International Finance Facility for Immunisation

The International Finance Facility for Immunisation was set up in 2006 to rapidly accelerate the availability and predictability of funds for Gavi’s immunisation programmes.

The International Finance Facility for Immunisation (IFFIm) uses long-term pledges from donor governments to sell ‘vaccine bonds’ in the capital markets, making large volumes of funds immediately available for Gavi programmes.

IFFIm was the first aid-financing entity in history to attract legally-binding commitments of up to 20 years from donors and offers the predictability that developing countries need to make long-term budget and planning decisions about immunisation programmes.

The World Bank acts as financial adviser and treasury manager to IFFIm. So far IFFIm bonds have raised more than US$3 billion in immediately available cash resources for Gavi immunisation programmes.

Appendix 10: preventing and treating neglected tropical diseases

This was a supporting detail page of the main policy document.

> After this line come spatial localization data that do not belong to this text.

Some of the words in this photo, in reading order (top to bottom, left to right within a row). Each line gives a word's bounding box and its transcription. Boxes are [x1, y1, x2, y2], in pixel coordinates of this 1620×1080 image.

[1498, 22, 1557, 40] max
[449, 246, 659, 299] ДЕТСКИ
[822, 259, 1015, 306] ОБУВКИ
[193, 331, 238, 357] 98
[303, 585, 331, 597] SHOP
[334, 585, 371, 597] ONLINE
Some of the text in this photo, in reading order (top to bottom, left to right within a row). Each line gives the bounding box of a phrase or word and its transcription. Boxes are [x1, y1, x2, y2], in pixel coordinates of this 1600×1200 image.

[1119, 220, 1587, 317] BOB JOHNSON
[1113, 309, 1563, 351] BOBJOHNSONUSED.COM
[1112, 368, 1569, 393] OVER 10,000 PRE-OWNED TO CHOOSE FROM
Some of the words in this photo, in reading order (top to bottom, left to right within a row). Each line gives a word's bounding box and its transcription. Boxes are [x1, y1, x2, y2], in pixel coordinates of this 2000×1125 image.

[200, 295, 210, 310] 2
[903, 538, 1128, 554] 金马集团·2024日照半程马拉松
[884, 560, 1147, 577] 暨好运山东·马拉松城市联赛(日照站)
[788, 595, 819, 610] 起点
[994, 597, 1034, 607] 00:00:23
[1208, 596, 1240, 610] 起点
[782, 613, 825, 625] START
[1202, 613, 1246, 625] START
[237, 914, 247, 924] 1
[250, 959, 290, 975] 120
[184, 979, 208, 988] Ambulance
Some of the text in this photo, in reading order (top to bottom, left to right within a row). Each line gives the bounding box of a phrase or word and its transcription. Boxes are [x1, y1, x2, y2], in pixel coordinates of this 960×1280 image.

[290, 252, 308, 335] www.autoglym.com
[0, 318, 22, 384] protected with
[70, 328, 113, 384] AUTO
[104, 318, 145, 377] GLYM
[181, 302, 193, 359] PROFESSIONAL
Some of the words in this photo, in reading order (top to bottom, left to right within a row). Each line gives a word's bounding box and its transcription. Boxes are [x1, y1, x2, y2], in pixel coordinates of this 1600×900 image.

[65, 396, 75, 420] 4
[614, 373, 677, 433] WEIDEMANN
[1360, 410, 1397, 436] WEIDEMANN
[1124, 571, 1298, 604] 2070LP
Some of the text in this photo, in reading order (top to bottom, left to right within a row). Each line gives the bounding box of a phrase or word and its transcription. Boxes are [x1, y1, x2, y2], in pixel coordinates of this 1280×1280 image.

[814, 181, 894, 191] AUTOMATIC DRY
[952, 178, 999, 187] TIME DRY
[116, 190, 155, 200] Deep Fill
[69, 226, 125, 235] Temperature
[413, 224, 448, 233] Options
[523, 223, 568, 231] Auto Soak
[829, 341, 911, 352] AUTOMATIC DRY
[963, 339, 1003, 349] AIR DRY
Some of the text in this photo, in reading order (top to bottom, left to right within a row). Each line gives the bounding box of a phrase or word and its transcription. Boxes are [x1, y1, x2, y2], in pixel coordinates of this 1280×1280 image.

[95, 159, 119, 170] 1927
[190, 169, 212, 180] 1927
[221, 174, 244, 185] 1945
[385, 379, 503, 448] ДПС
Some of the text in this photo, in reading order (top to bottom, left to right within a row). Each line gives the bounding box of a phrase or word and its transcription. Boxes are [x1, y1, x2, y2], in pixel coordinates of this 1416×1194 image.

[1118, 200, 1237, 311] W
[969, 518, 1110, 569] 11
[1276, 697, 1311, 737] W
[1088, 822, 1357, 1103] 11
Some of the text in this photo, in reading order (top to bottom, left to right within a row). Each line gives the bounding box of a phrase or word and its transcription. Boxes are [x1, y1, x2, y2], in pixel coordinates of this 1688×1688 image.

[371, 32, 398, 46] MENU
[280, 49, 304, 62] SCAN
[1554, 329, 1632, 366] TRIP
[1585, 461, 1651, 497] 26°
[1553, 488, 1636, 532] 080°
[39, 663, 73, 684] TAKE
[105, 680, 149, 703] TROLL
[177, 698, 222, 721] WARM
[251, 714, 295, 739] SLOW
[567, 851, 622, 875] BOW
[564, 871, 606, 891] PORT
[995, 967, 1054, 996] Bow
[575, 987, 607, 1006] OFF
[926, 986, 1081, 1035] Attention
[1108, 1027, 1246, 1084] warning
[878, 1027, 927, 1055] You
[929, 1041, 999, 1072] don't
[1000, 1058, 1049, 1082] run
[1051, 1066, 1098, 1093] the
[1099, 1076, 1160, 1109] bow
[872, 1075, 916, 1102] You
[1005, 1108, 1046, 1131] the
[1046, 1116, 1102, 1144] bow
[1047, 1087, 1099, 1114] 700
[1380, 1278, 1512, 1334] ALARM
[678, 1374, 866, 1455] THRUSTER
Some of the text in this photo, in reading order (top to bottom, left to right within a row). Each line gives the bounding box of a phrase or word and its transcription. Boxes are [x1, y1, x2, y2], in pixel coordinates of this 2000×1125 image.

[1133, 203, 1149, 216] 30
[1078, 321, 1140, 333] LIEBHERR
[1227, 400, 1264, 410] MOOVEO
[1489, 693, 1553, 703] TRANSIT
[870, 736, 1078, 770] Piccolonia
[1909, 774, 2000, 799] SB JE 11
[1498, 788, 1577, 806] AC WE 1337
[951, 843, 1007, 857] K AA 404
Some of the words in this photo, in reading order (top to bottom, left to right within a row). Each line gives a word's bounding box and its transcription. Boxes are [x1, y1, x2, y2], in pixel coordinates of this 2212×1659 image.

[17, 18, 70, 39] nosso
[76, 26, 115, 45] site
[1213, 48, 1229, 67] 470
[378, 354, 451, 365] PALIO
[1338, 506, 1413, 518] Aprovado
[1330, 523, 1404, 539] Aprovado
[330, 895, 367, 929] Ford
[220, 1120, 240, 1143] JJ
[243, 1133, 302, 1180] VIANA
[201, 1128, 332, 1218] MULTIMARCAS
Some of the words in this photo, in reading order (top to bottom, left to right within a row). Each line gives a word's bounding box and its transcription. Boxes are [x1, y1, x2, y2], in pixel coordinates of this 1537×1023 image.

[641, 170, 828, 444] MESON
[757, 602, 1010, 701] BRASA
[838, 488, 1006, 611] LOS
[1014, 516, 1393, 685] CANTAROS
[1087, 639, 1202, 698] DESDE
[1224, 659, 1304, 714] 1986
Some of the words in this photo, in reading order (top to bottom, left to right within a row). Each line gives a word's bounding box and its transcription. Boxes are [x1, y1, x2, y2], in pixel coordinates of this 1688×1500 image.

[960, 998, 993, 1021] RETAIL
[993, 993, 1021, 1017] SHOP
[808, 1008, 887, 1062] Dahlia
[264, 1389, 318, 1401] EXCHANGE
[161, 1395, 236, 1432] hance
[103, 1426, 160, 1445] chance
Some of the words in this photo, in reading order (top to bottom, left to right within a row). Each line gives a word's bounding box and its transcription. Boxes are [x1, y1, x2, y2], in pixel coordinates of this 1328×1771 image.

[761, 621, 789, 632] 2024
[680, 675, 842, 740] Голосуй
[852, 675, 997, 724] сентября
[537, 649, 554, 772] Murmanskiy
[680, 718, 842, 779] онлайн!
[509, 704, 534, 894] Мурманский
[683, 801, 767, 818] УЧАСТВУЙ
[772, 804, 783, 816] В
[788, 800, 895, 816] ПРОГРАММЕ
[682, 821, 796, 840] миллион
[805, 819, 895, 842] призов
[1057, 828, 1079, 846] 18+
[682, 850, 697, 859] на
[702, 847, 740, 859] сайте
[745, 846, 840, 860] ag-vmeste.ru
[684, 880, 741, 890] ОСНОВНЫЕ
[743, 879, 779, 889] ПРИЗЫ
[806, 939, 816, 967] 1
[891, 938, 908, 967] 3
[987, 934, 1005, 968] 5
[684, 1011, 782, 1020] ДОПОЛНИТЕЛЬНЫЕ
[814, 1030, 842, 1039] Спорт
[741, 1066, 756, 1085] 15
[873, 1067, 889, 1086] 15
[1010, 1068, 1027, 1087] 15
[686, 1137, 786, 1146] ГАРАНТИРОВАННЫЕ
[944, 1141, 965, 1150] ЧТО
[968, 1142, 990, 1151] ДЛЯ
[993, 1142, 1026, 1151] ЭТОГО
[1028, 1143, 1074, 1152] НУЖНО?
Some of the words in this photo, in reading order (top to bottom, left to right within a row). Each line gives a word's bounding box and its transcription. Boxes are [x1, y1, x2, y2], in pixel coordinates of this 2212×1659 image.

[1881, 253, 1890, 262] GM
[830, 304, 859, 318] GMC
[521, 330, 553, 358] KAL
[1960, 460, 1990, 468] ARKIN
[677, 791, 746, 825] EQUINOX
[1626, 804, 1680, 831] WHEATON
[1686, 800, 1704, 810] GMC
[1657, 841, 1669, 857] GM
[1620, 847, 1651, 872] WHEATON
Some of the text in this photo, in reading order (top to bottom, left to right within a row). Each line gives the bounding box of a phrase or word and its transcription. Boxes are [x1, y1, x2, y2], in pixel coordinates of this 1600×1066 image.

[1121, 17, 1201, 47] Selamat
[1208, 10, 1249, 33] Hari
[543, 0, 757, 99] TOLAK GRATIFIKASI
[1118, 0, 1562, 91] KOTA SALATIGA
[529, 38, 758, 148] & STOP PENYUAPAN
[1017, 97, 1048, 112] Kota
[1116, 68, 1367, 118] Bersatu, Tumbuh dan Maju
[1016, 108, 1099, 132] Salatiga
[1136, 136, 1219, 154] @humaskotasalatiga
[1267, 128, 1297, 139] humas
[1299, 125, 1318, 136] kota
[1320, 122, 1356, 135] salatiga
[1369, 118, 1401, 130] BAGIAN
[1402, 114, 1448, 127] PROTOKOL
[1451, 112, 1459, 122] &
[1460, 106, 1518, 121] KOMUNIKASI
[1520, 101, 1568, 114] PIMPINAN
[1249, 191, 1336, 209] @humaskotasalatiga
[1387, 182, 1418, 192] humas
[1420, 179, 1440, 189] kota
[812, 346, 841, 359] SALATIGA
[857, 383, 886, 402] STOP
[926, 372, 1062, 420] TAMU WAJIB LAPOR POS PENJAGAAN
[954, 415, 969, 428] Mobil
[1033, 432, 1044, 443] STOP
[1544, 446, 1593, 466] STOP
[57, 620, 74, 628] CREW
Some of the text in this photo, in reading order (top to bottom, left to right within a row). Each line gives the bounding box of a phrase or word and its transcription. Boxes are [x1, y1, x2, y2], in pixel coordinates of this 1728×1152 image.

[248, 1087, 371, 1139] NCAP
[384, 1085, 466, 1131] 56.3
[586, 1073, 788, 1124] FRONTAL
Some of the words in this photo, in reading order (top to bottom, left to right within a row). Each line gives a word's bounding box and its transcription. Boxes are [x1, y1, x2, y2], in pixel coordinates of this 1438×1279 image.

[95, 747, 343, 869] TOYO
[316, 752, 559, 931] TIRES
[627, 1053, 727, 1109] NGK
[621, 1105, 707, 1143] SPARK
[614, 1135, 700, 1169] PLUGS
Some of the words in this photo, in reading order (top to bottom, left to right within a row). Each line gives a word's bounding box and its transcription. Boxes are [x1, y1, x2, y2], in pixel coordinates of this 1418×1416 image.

More than 1 billion people are affected by neglected tropical diseases (NTDs). This is the term given to a number of different parasitic and bacterial infections.

NTDs lead to disability and disfigurement, with some patients suffering from stigma. Collectively they cause half a million deaths every year worldwide.

They tend to affect the poorest people located in the hardest to reach areas, often in remote or conflict areas, where there is little or no access to health services, clean water and sanitation.

Many NTDs can be prevented or even eliminated with proven, highly cost effective interventions costing as little as $0.40 per person per year in Africa.

What we are doing

The UK expanded its NTD programmes in 2009:

  • backing the Guinea Worm Eradication Programme (GWEP) through the Carter Center and WHO.
  • to help control Lymphatic Filariasis (elephantiasis) through the Global Alliance based at the Liverpool School of Tropical Medicine.
  • to help control onchocerciasis (river blindness) through the African Programme for Onchocerciasis Control - APOC
  • Schistosomiasis (Bilharzia) / helminth (worm) control managed by the Schistosomiasis Control Initiative (SCI) at Imperial College.
  • research support to the Drugs for Neglected Diseases initiative (DNDi) and the Tropical Disease Research (TDR) Special Programme at WHO.

In mid 2011 the UK agreed to step up its support. This was announced at the the London Declaration meeting on NTDs in 2012 with the expectation that the UK’s NTD support would eventually help reach more than 140 million people by mid-decade.

In November 2012 stakeholders met in Washington DC to review progress since the January meeting.

Besides expanding our support for the UK programmes started around 2009, we have increased our commitment to:

  • support tackling trachoma
  • strengthening global technical capacity through WHO.
  • developing integrated country approaches in Nigeria and South Sudan
  • support to Kala-azar control.

Overall our strategy is to help control or eliminate seven major neglected tropical diseases.